*Task to complete:* Output the listing word for word, minus pictures.

*Information:*

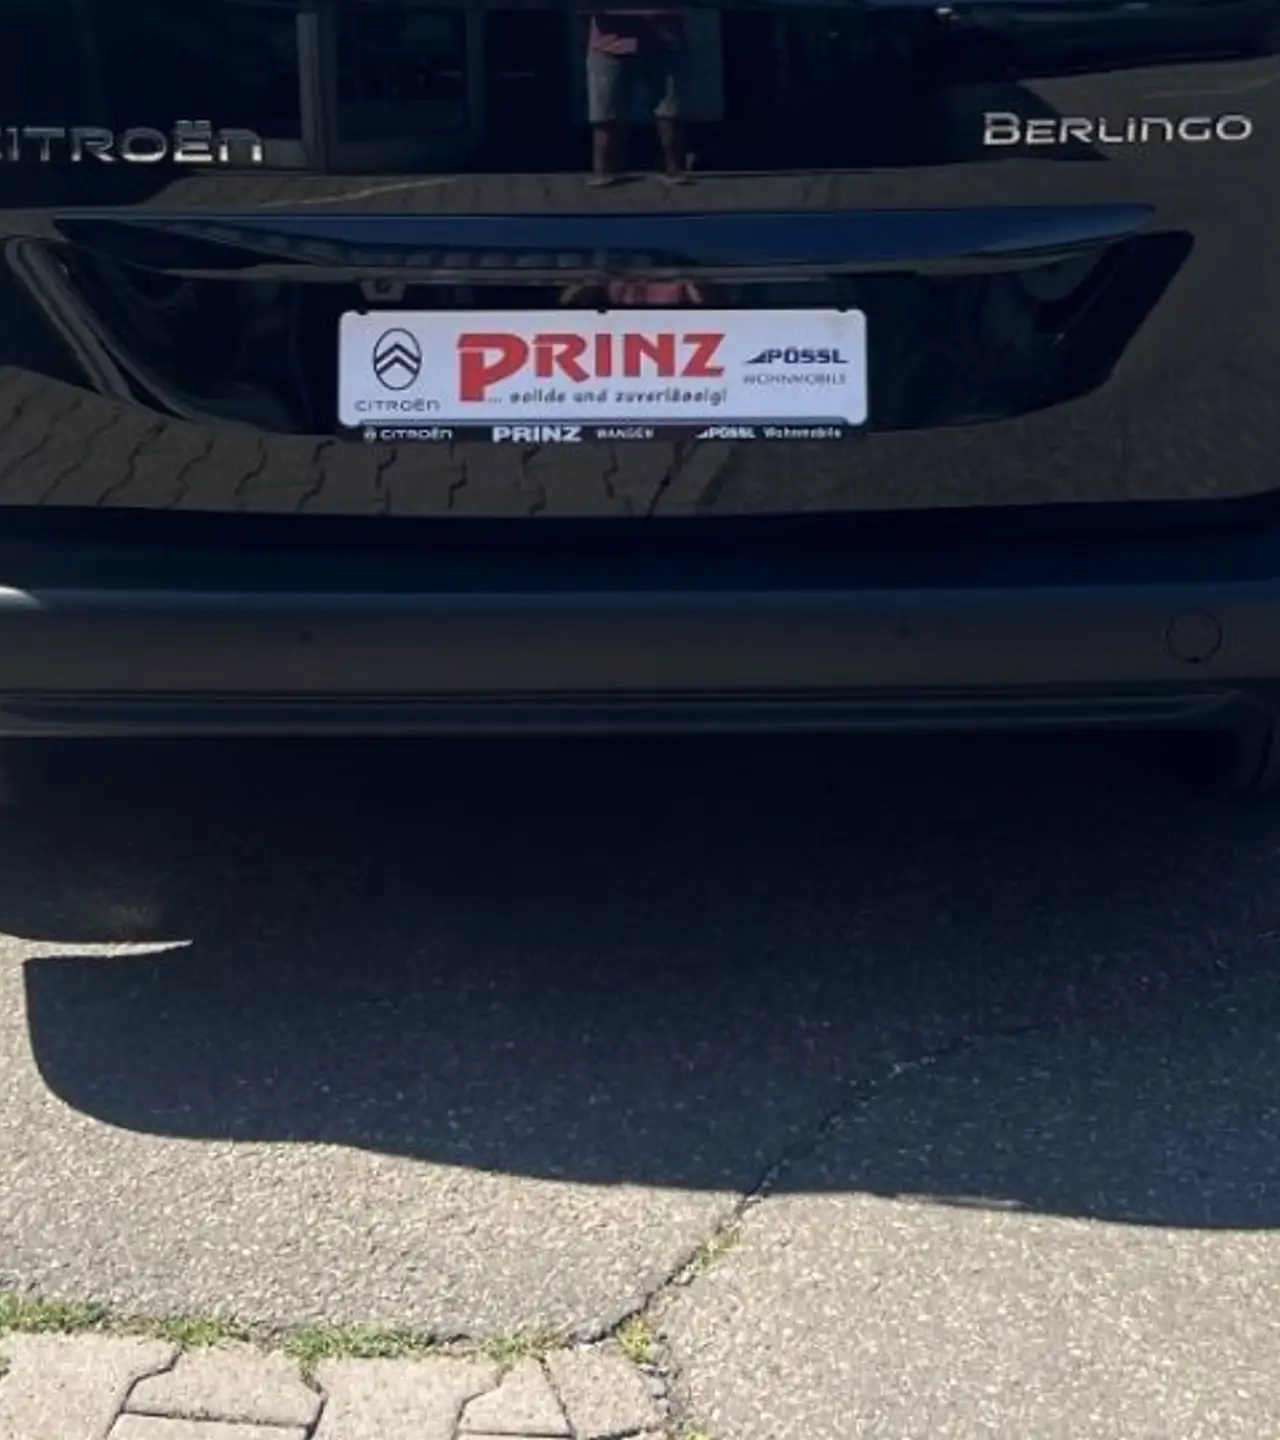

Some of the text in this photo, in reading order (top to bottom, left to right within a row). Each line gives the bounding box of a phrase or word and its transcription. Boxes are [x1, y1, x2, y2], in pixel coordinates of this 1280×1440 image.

[982, 111, 1253, 146] BERLINGO
[764, 346, 849, 365] PÖSSL
[457, 332, 727, 402] PRINZ
[573, 388, 608, 404] und
[491, 426, 582, 443] PRINZ

*Solution for this problem:*
Some of the text in this photo, in reading order (top to bottom, left to right within a row). Each line gives the bounding box of a phrase or word and its transcription. Boxes are [x1, y1, x2, y2], in pixel coordinates of this 1280×1440 image.

[982, 111, 1253, 146] BERLINGO
[764, 346, 849, 365] PÖSSL
[457, 332, 727, 402] PRINZ
[573, 388, 608, 404] und
[491, 426, 582, 443] PRINZ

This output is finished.